Vibro-Thermal Wave Radar: Application of Barker coded amplitude modulation for enhanced low-power vibrothermographic inspection of composites
Saeid Hedayatrasa, Joost Segers, Ga\'etan Poelman, Wim Van Paepegem, and Mathias Kersemans

TL;DR
This paper introduces Vibro-Thermal Wave Radar (VTWR), a low-power, Barker coded amplitude modulation technique that enhances the depth resolution and defect detection in composite materials compared to traditional methods.
Contribution
It presents a novel VTWR method using Barker coding and matched filtering, demonstrating improved defect resolution and depth imaging in composites at low power levels.
Findings
VTWR outperforms classical lock-in vibrothermography in defect detection.
Barker coding enhances probing depth and defect resolution.

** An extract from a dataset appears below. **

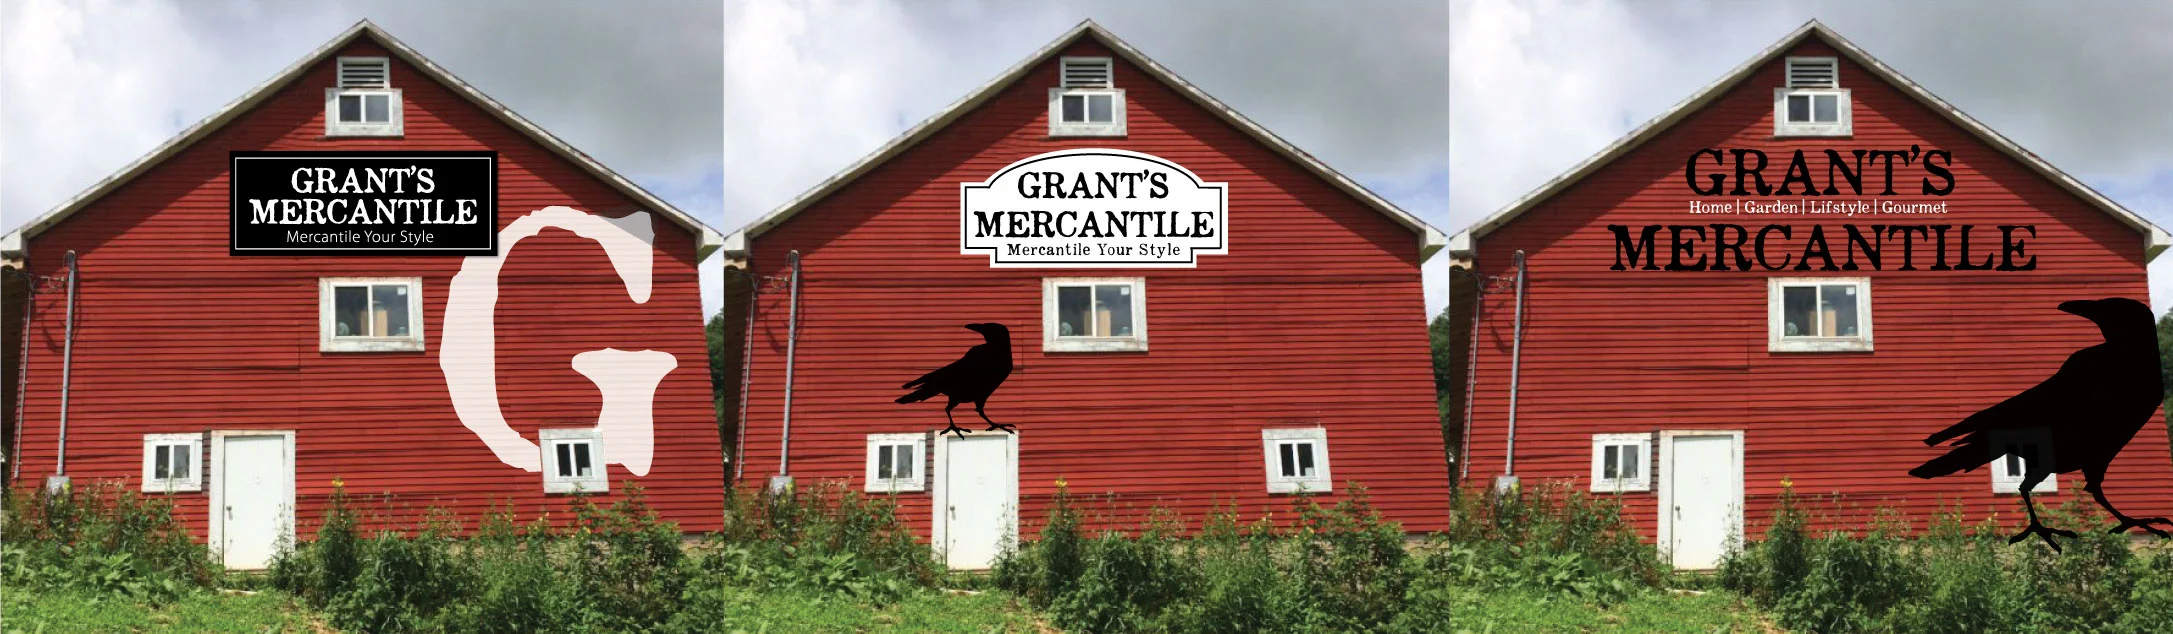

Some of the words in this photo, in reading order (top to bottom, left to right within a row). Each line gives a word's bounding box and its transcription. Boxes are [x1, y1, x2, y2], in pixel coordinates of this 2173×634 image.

Successful experimental demonstration on carbon fiber composite with deep delamination detection.
Abstract
This paper investigates the performance of the thermal wave radar imaging technique in low-power vibrothermography, so-called vibro-thermal wave radar (VTWR), for non-destructive inspection of composites. VTWR is applied by binary phase modulation of the vibrational excitation using a 5 bit Barker coded waveform, followed by matched filtering of the thermal response. The depth resolvability of VTWR is analyzed by a 1D analytical formulation in which defects are modeled as subsurface heating sources. The obtained results reveal the outperformance of VTWR compared to the classical lock-in vibrothermography (LVT), i.e. a sinusoidal amplitude modulation. Furthermore, the VTWR technique is experimentally demonstrated on a 5.5 mm thick carbon fiber reinforced polymer coupon with barely visible impact damage. A local defect resonance frequency of a backside delamination is selected as the…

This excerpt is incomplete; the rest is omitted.